In the UK, reportedly 50% of new mums don’t attend their postnatal checkup, despite it being their only opportunity to discuss their health and wellbeing in detail. Our healthcare system just doesn’t work for women, and it’s time we address this problem head on.

I think it’s helpful to step back and look at this from a parent’s perspective. I have a five-year-old and a three-year-old, and if I think about when I’ve needed access to healthcare and support for either my children or myself, it’s always at the really inconvenient times. When we’re on holiday far away from our normal GP practice. The middle of the night when we can’t access a paediatrician without going to the emergency department. It’s the inaccessibility and expense of the doctors that’s the problem.
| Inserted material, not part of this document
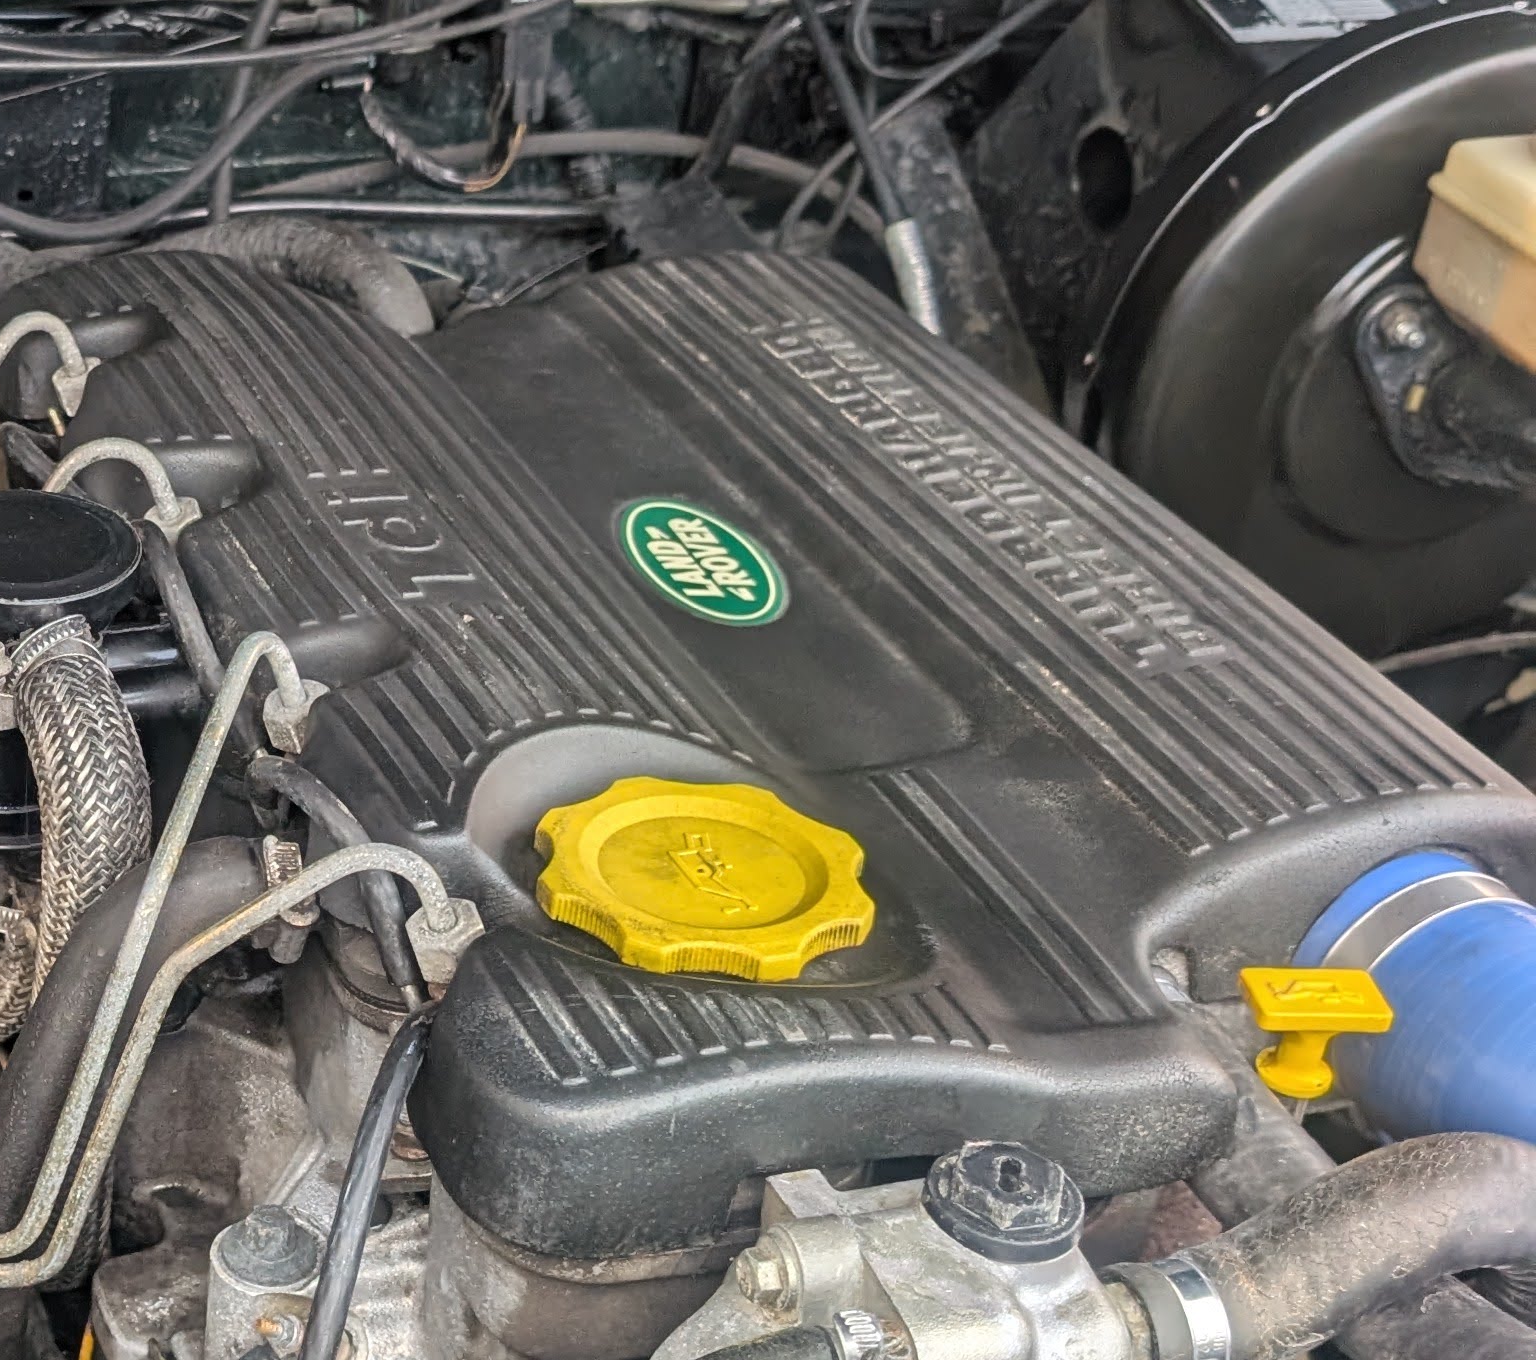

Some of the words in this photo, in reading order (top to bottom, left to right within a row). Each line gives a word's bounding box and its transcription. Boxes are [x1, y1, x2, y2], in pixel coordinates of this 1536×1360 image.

If we can use technology to bridge the gap and provide that round-the-clock help for parents and children, it will be of huge benefit. We need to provide the services parents and children need in a convenient and accessible way that’s compliant with data laws and deployed in an ethical way.

But we can’t just get the convenience part right and ignore the quality. We need technology that can think like a doctor so that whenever you need it, high quality support is there. And that’s where Tinto comes into it.

I spend a lot of time talking to midwives and doctors that are so over-stretched and over-burdened and they’re only really able to see the severe patients rather than the moderate-to-low severity patients who may not have much support at all. Tinto provides a platform where women can access high quality, one-to-one and personalised advice. Mums can chat to other women who have walked in their shoes or allied health professionals who specialise in everything from sleep and feeding to mental and pelvic health. You’re able to bring your challenge day or night, and we’ll source the right support for you.

This discussion was adapted from the King’s John Price Respiratory Conference where Dr Hannah Allen took part in a fireside discussion around AI and child health.